Taking a few whiffs to determine if drinking from that carton of milk on the verge of spoiling is a wise choice depends on the brain’s ability to recall sensory experiences, according to new research published by Jay Gottfried, MD, PhD, associate professor in the Ken and Ruth Davee Department of Neurology.
The study offers insight into how the nervous system accumulates perceptual information to help humans make decisions. Well-documented in the animal visual system, this type of neurophysiological accumulation, published in the September 6 edition of Neuron, helps shed light on researchers’ poor understanding of how such mechanisms occur in the human brain.
“In an ideal world we get a sensory input, we process it very easily, and we act upon it,” Gottfried said. “But in many situations those sensory inputs, whether they’re smells, sounds, or visual stimulation are less constant, more ambiguous, and more unpredictable and the brain needs to come up with a way of devising its best estimate of what’s going on out there.”

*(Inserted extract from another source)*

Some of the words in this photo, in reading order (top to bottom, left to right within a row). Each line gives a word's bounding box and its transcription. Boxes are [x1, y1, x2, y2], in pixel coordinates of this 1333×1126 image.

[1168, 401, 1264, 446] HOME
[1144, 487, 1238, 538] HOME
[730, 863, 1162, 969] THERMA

The experiment, conducted by PhD in neuroscience candidate Nick Bowman, relied on participants smelling an odor and determining if it featured more clove or lemon scent. Researchers created mixtures that ranged from 100 percent of each element to seven different variations, one being a 50-50 breakdown. Researchers recorded the number of sniffs participants took for each scent while also evaluating brain stimulation using functional magnetic resonance imaging (fMRI).
Behaviorally, researchers found that for cases where one of the scents was predominant in the mixture, subjects needed just one sniff. With the more ambiguous or difficult mixtures, participants took multiple sniffs, suggesting that they were benefitting from taking more inhalations, accumulating information from a noisy, or uncertain, environment before making a decision.

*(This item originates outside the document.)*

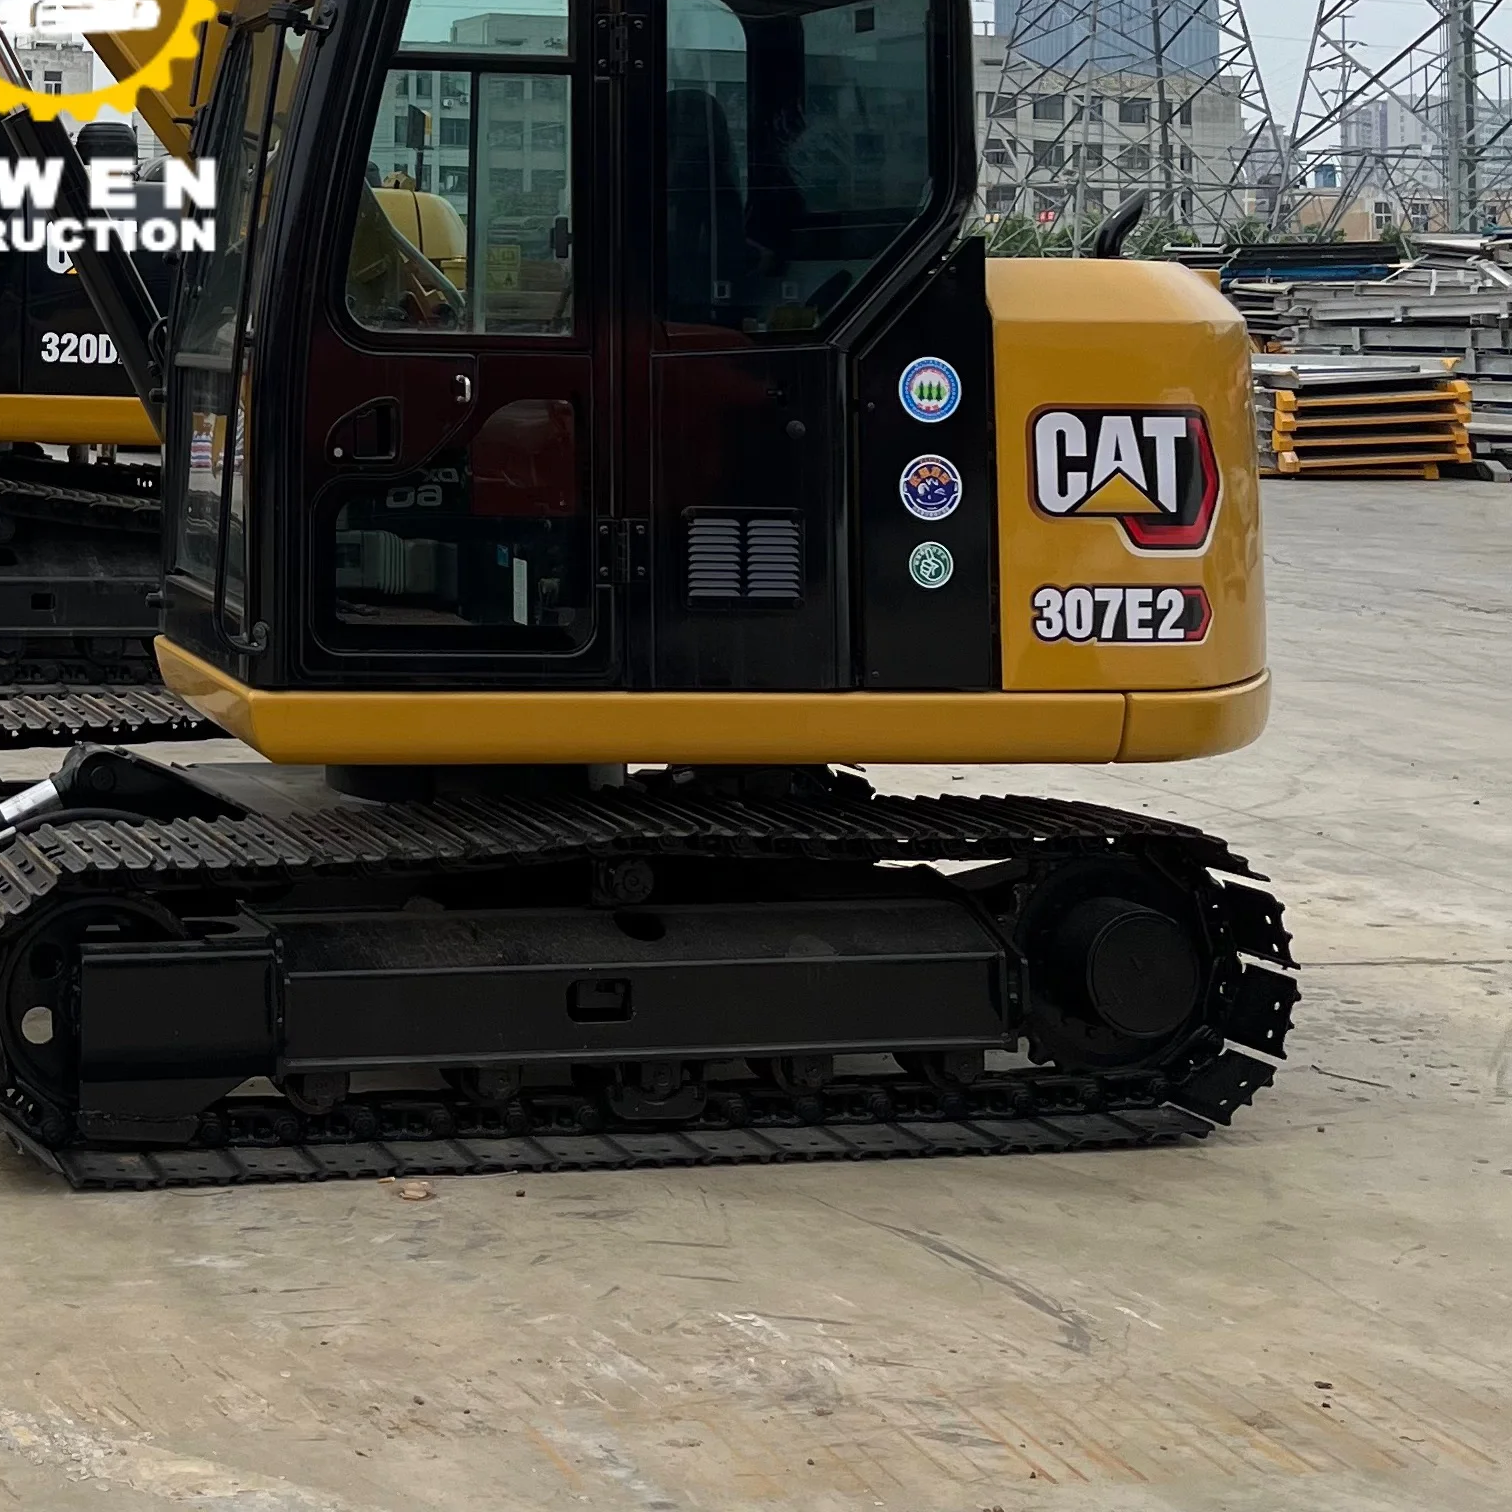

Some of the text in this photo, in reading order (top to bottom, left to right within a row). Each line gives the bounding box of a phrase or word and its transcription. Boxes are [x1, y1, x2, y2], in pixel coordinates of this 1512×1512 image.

[41, 332, 124, 365] 320D
[1034, 411, 1187, 514] CAT
[1034, 588, 1186, 640] 307E2

The use of fMRI highlighted an increase in brain activity in the orbitofrontal cortex (OFC) that peaked at the time a choice was made, verifying the OFC’s role in cognitive decision-making. Combined, the behavioral and fMRI data suggest a key role for the OFC in resolving sensory uncertainty, providing evidence for accumulation models of human perceptual decision-making.
“There is research to suggest that one mechanism that the brain can use to handle confusing information is to accumulate the information and integrate it over time,” Gottfried said. “As the event unfolds, you are taking bits and pieces of information and hopefully you can assemble enough of it to make the right decision. If the environment is noisy, it will take you longer to accumulate what you need to act.”

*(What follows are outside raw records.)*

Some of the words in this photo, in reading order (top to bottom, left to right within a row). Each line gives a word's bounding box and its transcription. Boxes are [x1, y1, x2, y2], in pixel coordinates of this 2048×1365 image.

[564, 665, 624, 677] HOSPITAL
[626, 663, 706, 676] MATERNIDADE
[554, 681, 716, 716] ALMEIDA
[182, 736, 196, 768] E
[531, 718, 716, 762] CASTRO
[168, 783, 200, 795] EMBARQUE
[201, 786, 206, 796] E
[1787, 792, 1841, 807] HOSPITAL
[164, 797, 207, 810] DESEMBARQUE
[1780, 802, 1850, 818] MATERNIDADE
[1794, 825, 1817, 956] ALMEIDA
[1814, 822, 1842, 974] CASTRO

Although humans tend to solve perceptual tasks much faster than can be recorded by fMRI scanners, the group took advantage of the fact that human olfactory perception is relatively slow, particularly for mixtures of odorants.
“From a basic science point of view, this study is important because it really highlights for the first time that the human brain does integrate noisy information,” Gottfried said. “It’s been inferred from animal models but never shown in humans. It helps fill in a gap in our understanding and highlights the role of the OFC region as an integrator, where it is taking and absorbing information from many different channels in order to influence behavior most effectively.”
The extent to which the OFC is able to adjust the rate of information accumulation could provide a novel explanation for the disorders observed in patients with orbitofrontal pathology. For example, the high incidence of hallucinations, delusions, and disinhibition in schizophrenia could be due to a hasty or exaggerated accumulation process, such that noisy sensory inputs are too readily confirmed as perceptual facts. This would lead to distortions of perception and irrational choices poorly grounded in the available sensory evidence.
This research was funded with grants from the National Institutes of Health and the National Institute on Deafness and Other Communication Disorders.